Using a tiny camera, they caught aides repeatedly chastising their mother as well as sleeping in chairs without providing daily care, regular safety checks or taking their mother to meals. After their mother died, the sisters helped dozens of families install cameras in senior homes — a right that in 2019 became enshrined in state law.
"We got this done for the sake of humanity," said Peters, a registered nurse and president of Elder Voice. "For decades, the industry and the regulators had let things slide, and they needed to be woken up."
Some wondered if licensing would ever become a reality.
In 2018, a broad-based effort to reform Minnesota's system for protecting seniors foundered amid partisan divisions and opposition from the senior care industry.
Then last spring, the Minnesota Department of Health, the state agency that oversees long-term care, became swept up in efforts to combat the worsening coronavirus pandemic. As a result, agency officials pushed back licensing a year later than planned, asserting that senior homes needed to stay focused on preventing the spread of the fast-moving virus, which had already killed hundreds of Minnesotans in long-term care facilities.
The delay frustrated elder care advocates who pointed to the staggering death toll in senior homes as further evidence of why more regulatory oversight was needed.
Yet, despite a winter surge in COVID-19 cases, the Department of Health forged ahead and this spring completed the monumental task of drawing up the new rules with public input and educating providers on the new licensing system.
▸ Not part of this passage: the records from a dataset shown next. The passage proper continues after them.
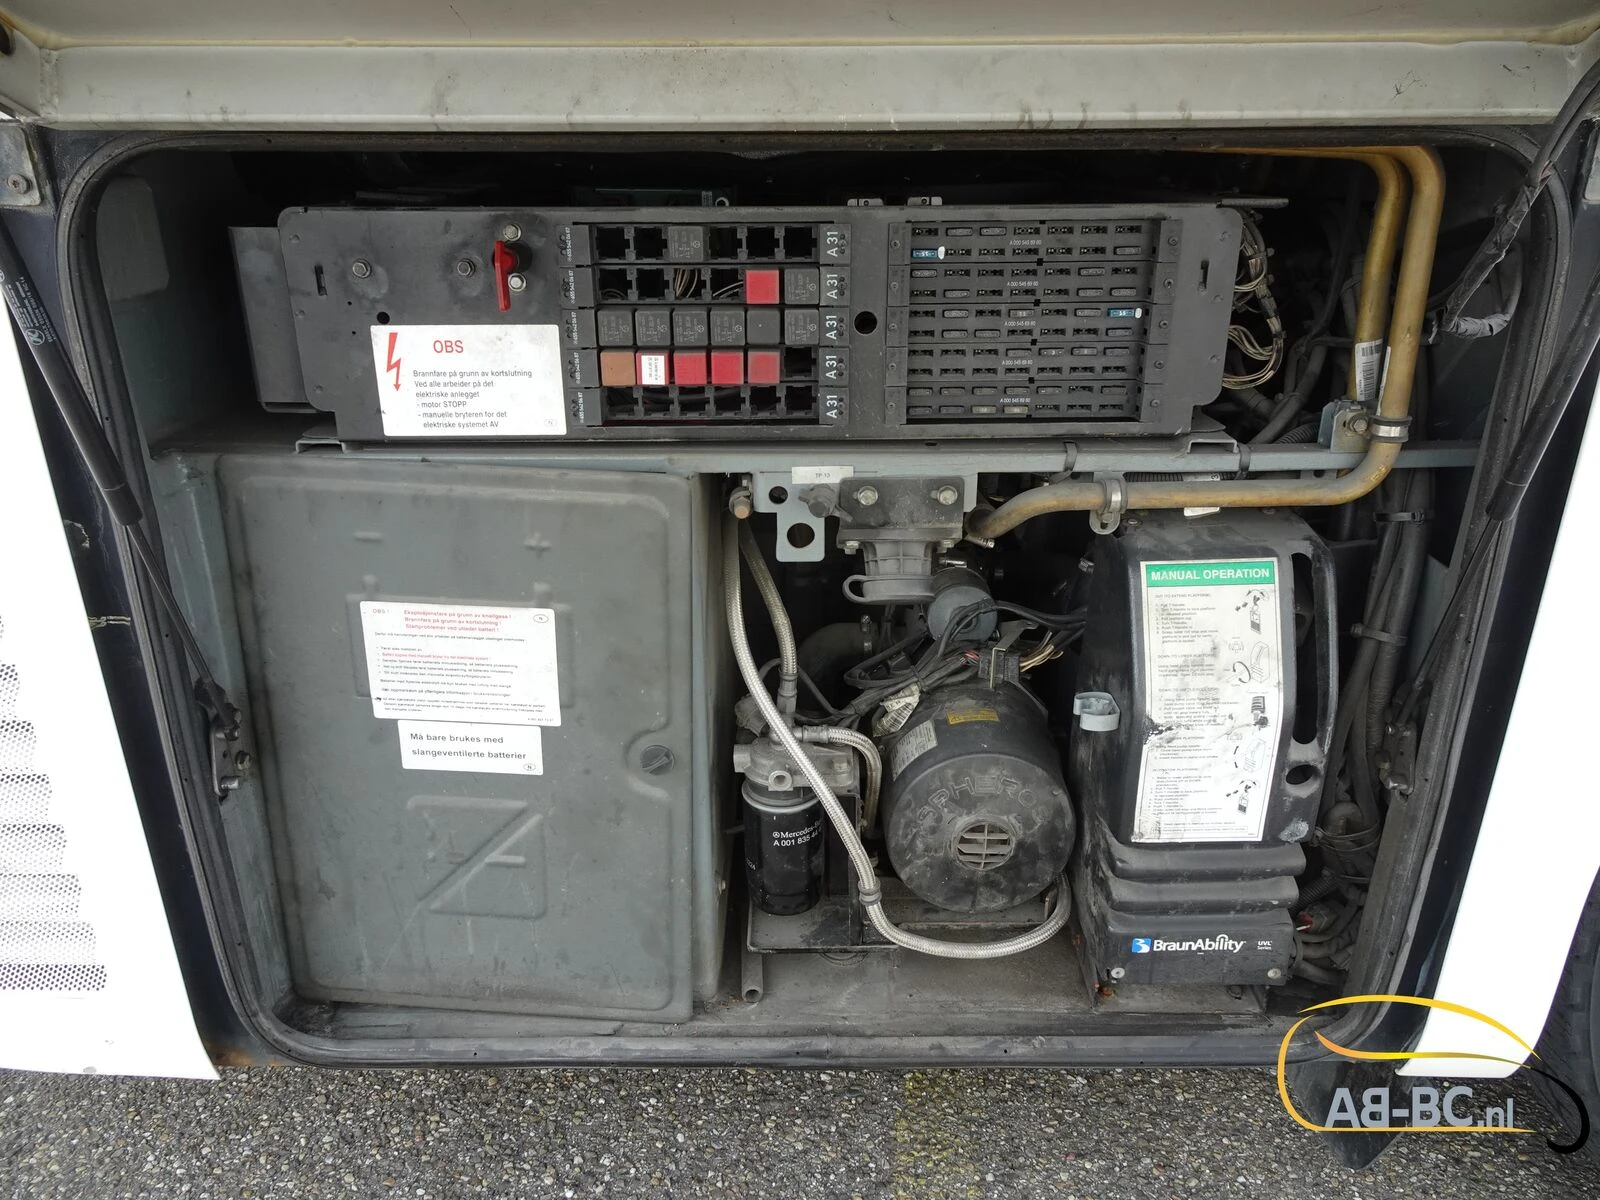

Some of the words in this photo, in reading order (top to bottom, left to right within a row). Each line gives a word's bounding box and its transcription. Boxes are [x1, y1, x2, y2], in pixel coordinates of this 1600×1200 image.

[827, 230, 838, 245] 31
[826, 272, 838, 287] 31
[826, 314, 837, 328] 31
[433, 340, 464, 353] OBS
[826, 352, 837, 367] 31
[412, 370, 447, 378] Brannfare
[448, 369, 458, 380] på
[459, 371, 479, 380] grunn
[491, 370, 532, 380] kortslutning
[472, 380, 482, 389] på
[450, 391, 480, 400] anlegget
[826, 393, 838, 408] 31
[455, 411, 483, 420] bryteren
[1151, 571, 1199, 581] MANUAL
[1203, 568, 1270, 580] OPERATION
[410, 733, 423, 741] Må
[426, 733, 447, 741] bare
[450, 735, 481, 743] brukes
[484, 736, 504, 744] med
[412, 748, 485, 758] slangeventilerte
[488, 751, 527, 760] batterier
[773, 839, 780, 847] A
[781, 838, 795, 847] 001
[797, 834, 811, 845] 835
[1153, 934, 1244, 953] BraunAbility
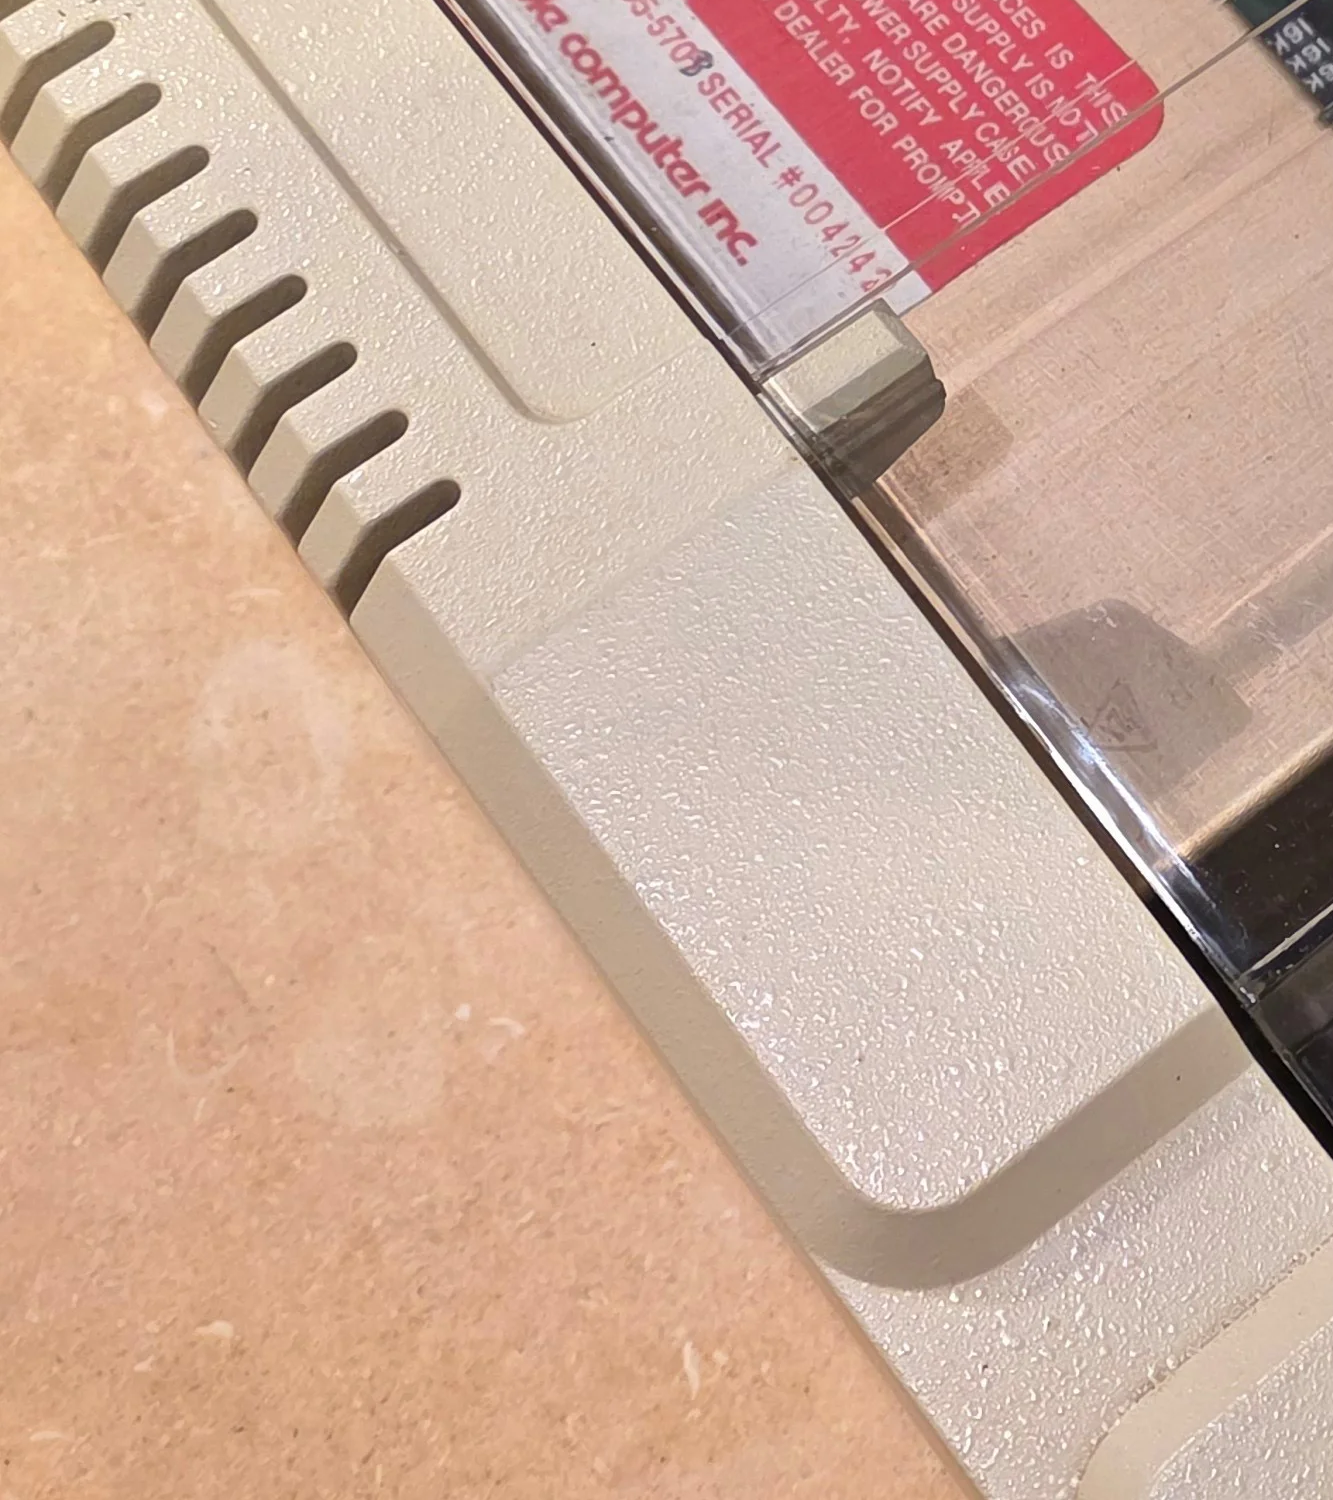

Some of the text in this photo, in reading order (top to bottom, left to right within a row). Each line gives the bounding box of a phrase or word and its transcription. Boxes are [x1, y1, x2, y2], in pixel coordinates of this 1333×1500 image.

[694, 70, 790, 166] SERIAL
[772, 1, 853, 84] DEALER
[847, 86, 897, 135] FOR
[902, 41, 982, 122] SUPPLY
[941, 34, 1067, 164] DANGEROUS
[1025, 73, 1054, 97] IS
[1047, 97, 1096, 143] NOT
[1043, 43, 1073, 68] IS
[1071, 74, 1126, 125] THIS
[558, 30, 711, 204] computer
[699, 198, 758, 267] inc.
[861, 50, 938, 128] NOTIFY
[940, 137, 1008, 205] APPLE
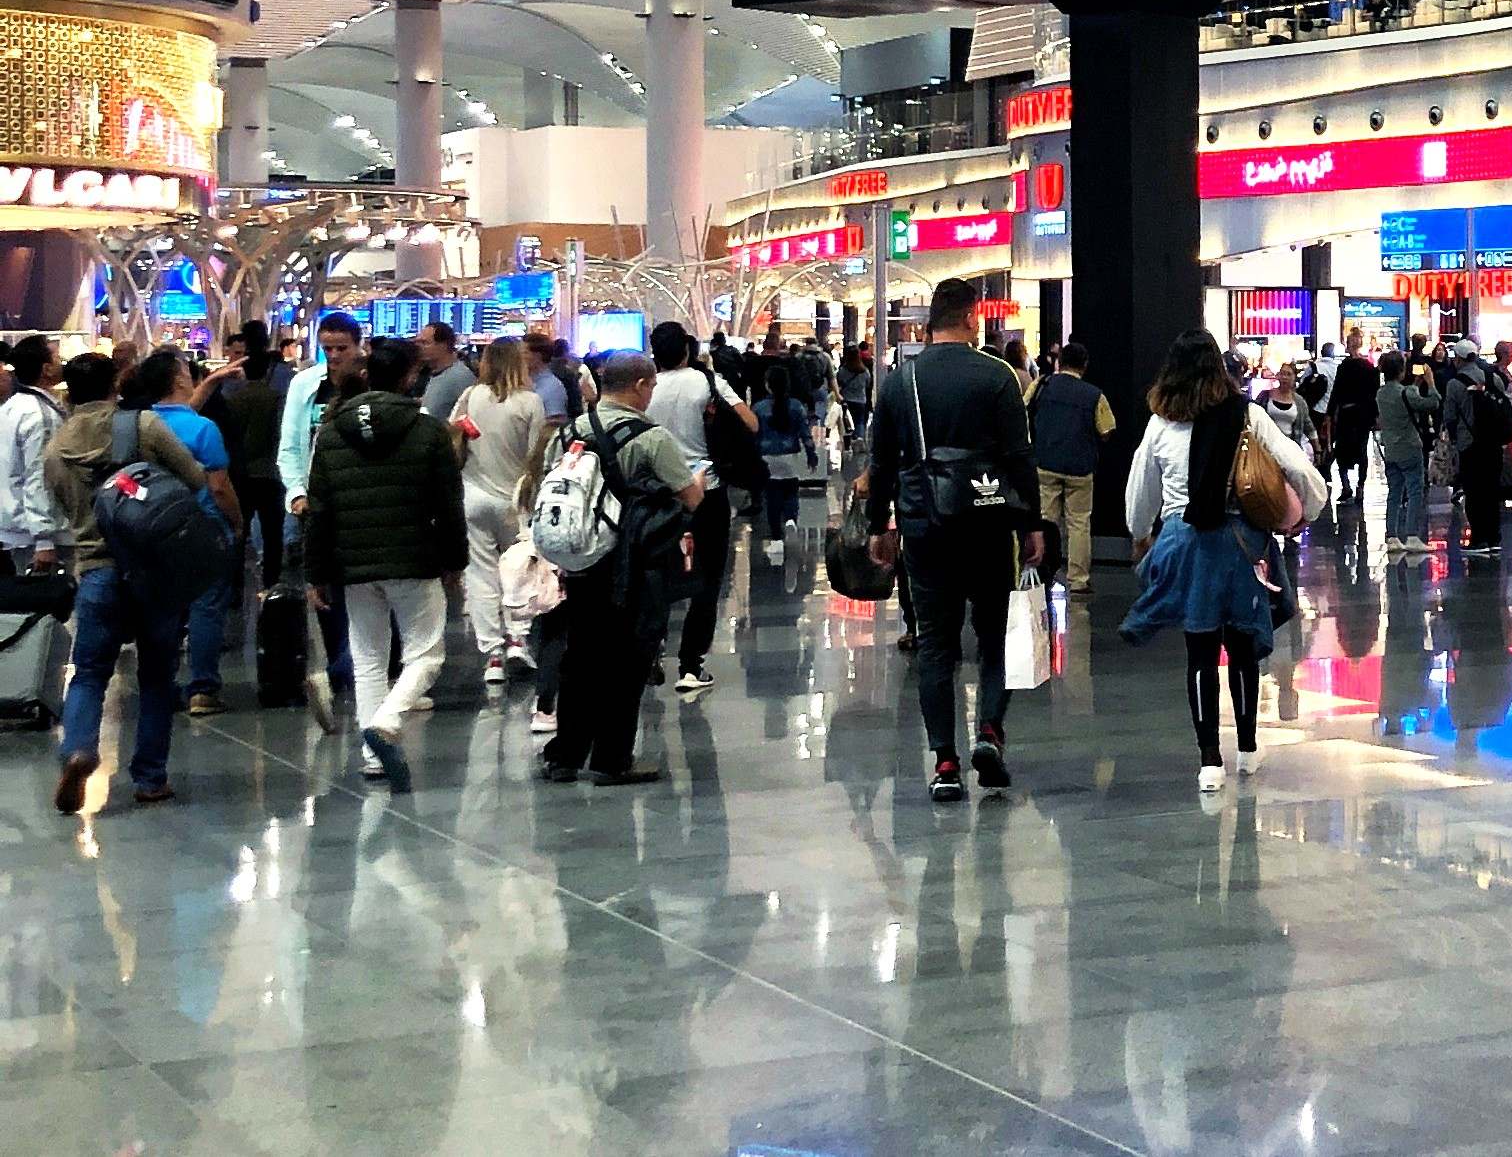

The response was stronger than many expected. By June, the agency had received more than 2,000 license applications from assisted-living and dementia care providers across the state. To enforce the new regulations, the agency expects it will need another 56 staff.
"I am really proud of the work we have done to stand this up at a time that we also had a COVID-19 pandemic," said Lindsey Krueger, director of the Department of Health's Office of Health Facility Complaints.
Connie Billmeier of Minnetonka is among those who wishes the new law had been enacted years earlier.
In fall 2018, her 58-year-old brother with cognitive disabilities was found slouched in his wheelchair with unusually high blood pressure at an assisted-living home in northern Minnesota. Instead of calling for medical help, unlicensed staff gave him aspirin and put him back to bed. Later, he was airlifted to a hospital where doctors discovered internal brain bleeding that likely caused his death, she said.
"Perhaps if a [registered nurse] had been on duty, he or she would have recognized that my brother was failing sooner," she said. "It makes you wonder how many lives were lost because we didn't have these protections sooner."